Panagiotis G. Georgiou carefully adjusted the core of a tiny polymer nanoparticle, no wider than a strand of DNA, and watched something extraordinary happen: ice crystals that should have grown unchecked during thawing remained stubbornly small. At the University of Manchester, under the leadership of Professor Matthew Gibson, a team has overturned decades of scientific assumption about how synthetic materials can control ice. For years, researchers believed that only the surface of a molecule mattered when it came to stopping ice from forming large, damaging crystals—a process known as ice recrystallization. But this new study proves that what’s inside the particle is just as critical.
This discovery matters because uncontrolled ice growth ruins frozen biological samples, damages tissues in cryopreservation, and compromises the quality of frozen foods. Nature has long had a solution: ice-binding proteins in Arctic fish and insects that prevent ice from spreading. Scientists have tried to mimic these with synthetic materials, focusing almost exclusively on surface chemistry. The Manchester team, in collaboration with Professor Steve Armes FRS at the University of Sheffield, took a different approach. Using polymerisation-induced self-assembly—a scalable method that can be adapted for industrial production—they built nanoparticles with a water-exposed outer shell and a chemically distinct inner core.
What they found was unexpected. When the core was soft and flexible, the nanoparticles strongly suppressed ice recrystallization. When the core was rigid, the effect weakened. And when the core was chemically locked in place, the ice-controlling ability vanished entirely. This internal structure, hidden from direct contact with ice, was somehow influencing the freezing process.

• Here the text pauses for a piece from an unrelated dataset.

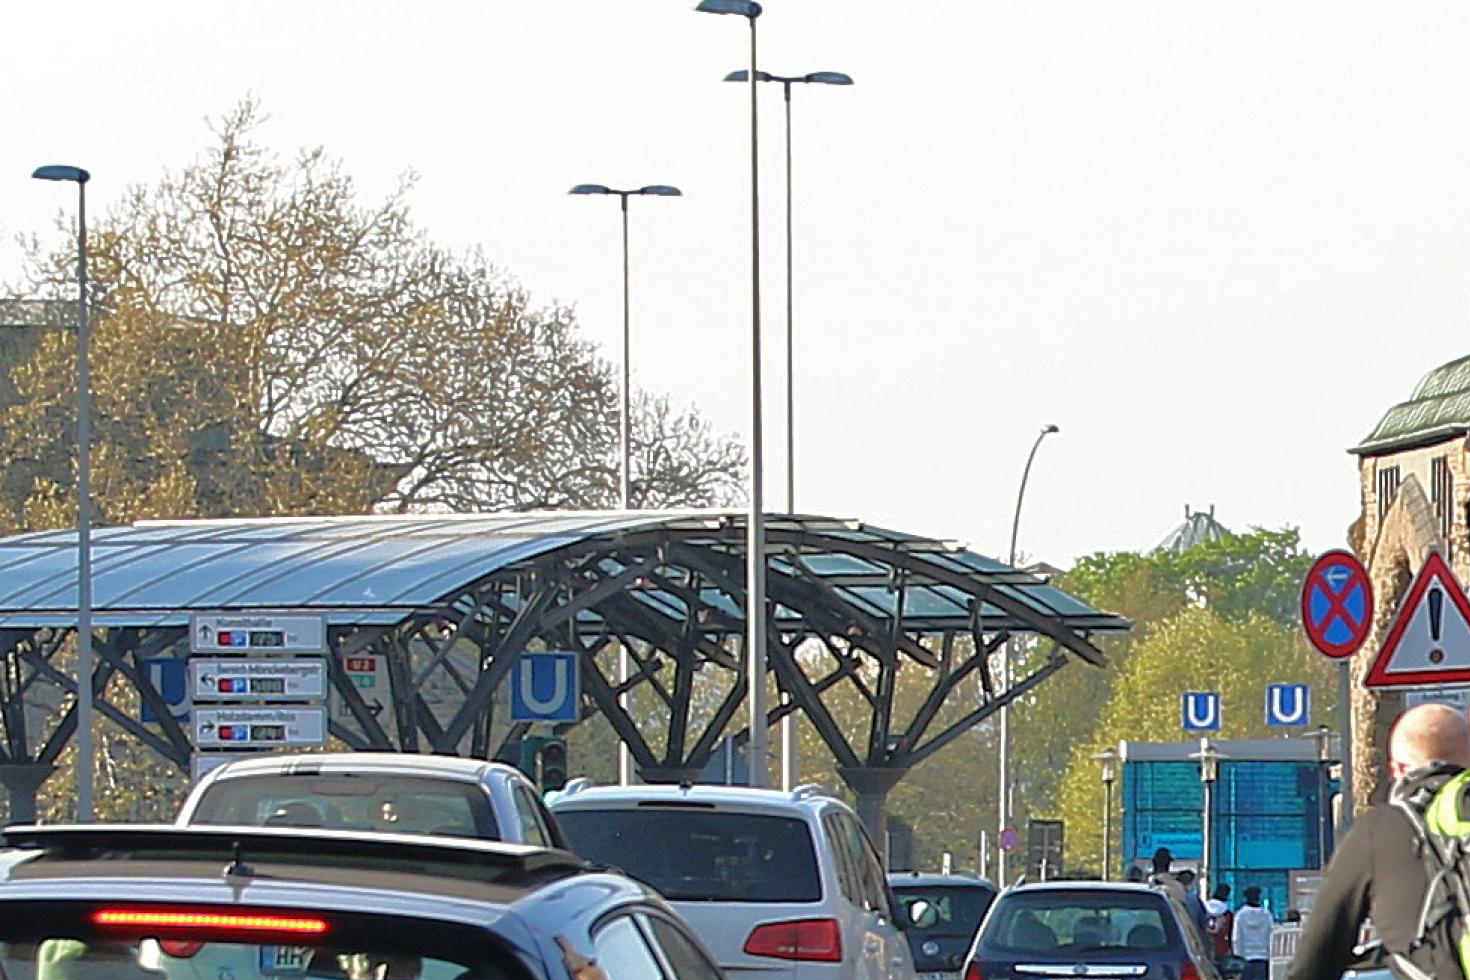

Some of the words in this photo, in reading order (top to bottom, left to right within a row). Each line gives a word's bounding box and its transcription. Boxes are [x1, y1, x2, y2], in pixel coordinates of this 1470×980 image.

[521, 659, 567, 715] U
[1273, 686, 1304, 723] U
[1188, 695, 1215, 727] U

The researchers believe individual polymer chains inside the particle may become active during temperature shifts, dynamically interacting with ice in ways previously unimagined.
The implications stretch far beyond the lab. These nanoparticles could lead to better cryopreservation techniques for transplant organs, more stable vaccines, improved frozen foods, and even anti-icing coatings for aircraft. Unlike natural antifreeze proteins, which are expensive and difficult to produce at scale, these synthetic particles can be manufactured efficiently and tuned for specific needs—without altering their surface, which might trigger immune responses in medical applications.
“This work shows that we can tune ice-controlling properties by engineering the inside of nanoparticles, rather than just their surface,” says Professor Gibson. “This means we can fine-tune performance without affecting how the particle interacts with its environment.” It’s a new design principle for functional materials—one that opens a hidden dimension in nanotechnology. As research continues, the ability to control ice from within could quietly transform how we freeze, store, and protect some of the most fragile and vital materials on Earth.